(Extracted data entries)
BEGIN

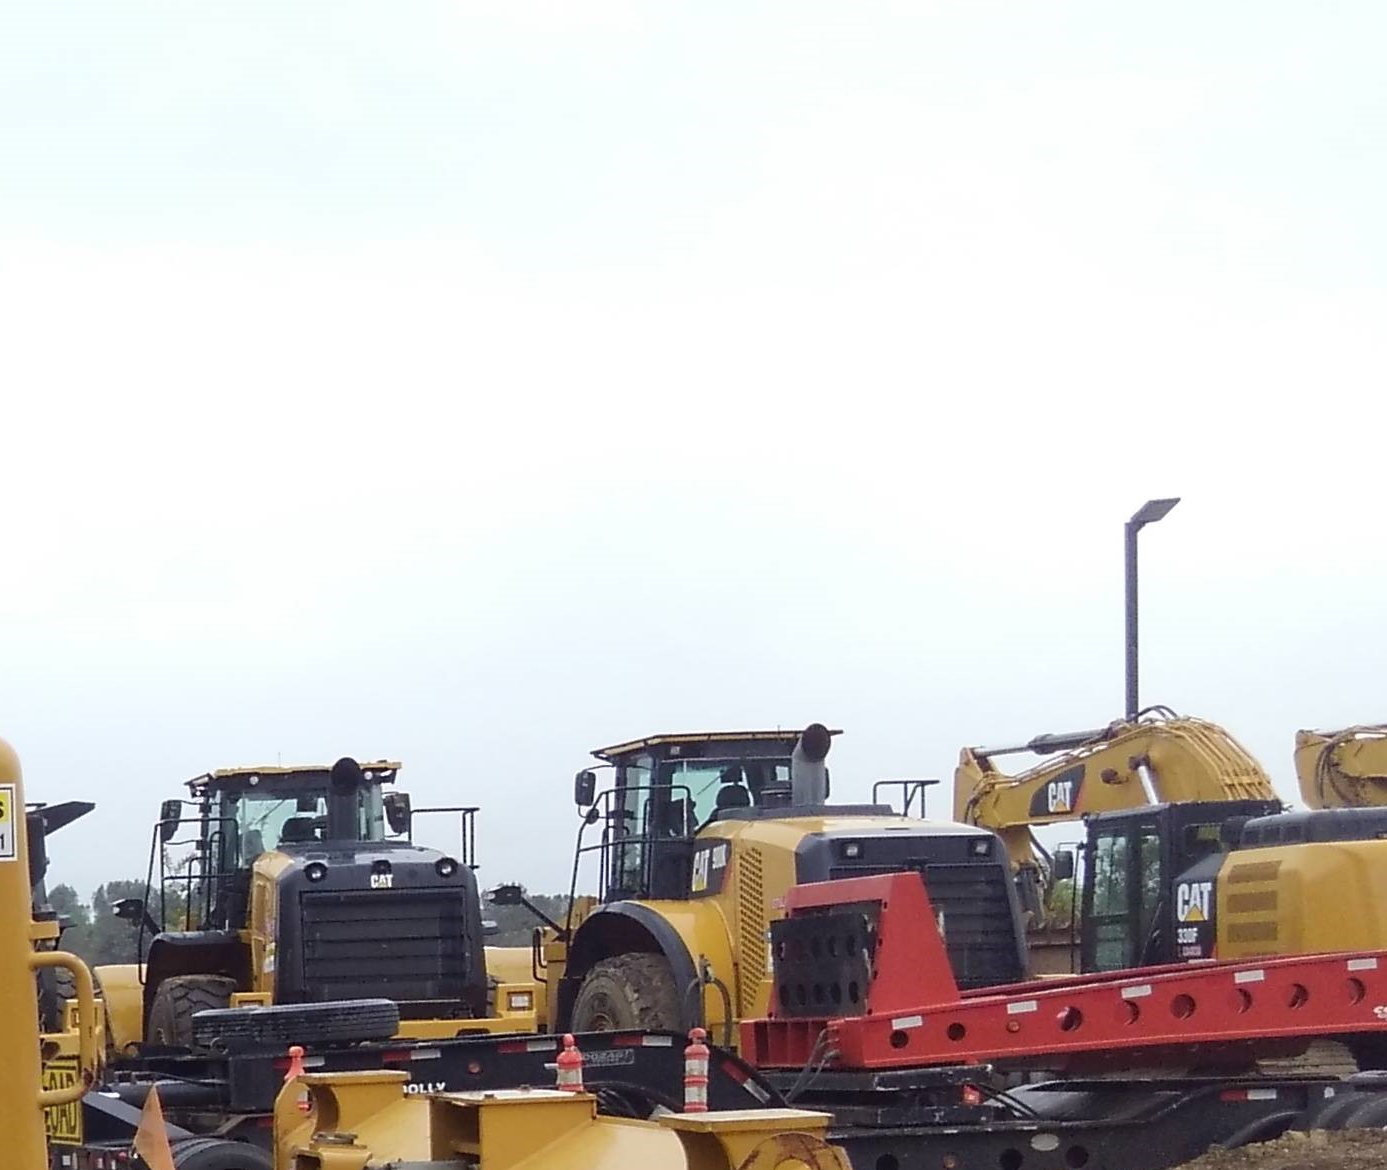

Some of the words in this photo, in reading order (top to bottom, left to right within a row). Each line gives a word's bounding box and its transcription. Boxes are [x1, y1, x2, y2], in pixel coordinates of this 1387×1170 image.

[1048, 781, 1072, 813] CAT
[371, 874, 394, 888] CAT
[1177, 882, 1212, 922] CAT
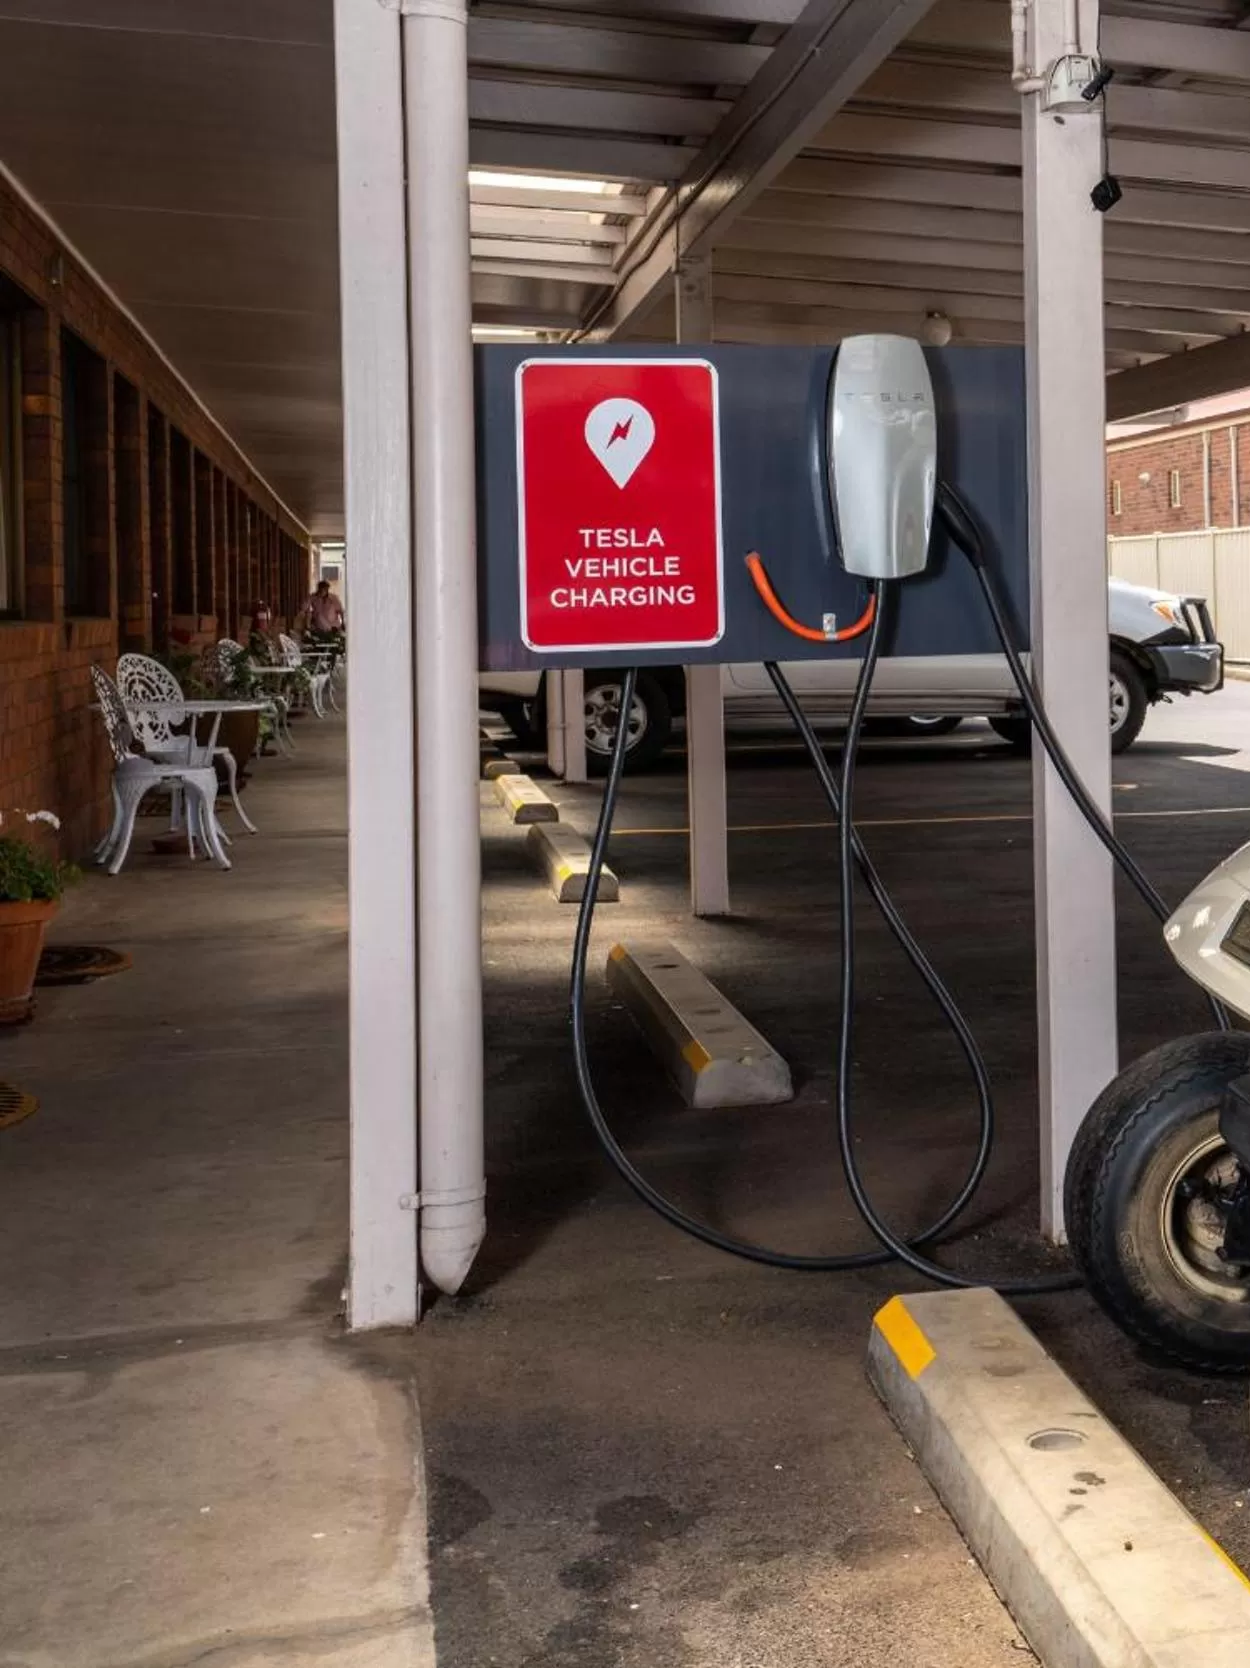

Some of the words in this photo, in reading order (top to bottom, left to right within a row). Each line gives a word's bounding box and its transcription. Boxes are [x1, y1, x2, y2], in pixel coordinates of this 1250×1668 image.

END

**REQUIRED WORK:**
Transcribe the records above exactly as they appear, leaving out any pictures.

**RESPONSE TO THIS TASK:**
Some of the words in this photo, in reading order (top to bottom, left to right within a row). Each line gives a word's bounding box and its transcription. Boxes are [x1, y1, x2, y2], in pixel coordinates of this 1387×1170 image.

[1048, 781, 1072, 813] CAT
[371, 874, 394, 888] CAT
[1177, 882, 1212, 922] CAT

Some of the words in this photo, in reading order (top to bottom, left to right within a row). Each line gives a word's bounding box and its transcription. Boxes are [x1, y1, x2, y2], in pixel coordinates of this 1250×1668 image.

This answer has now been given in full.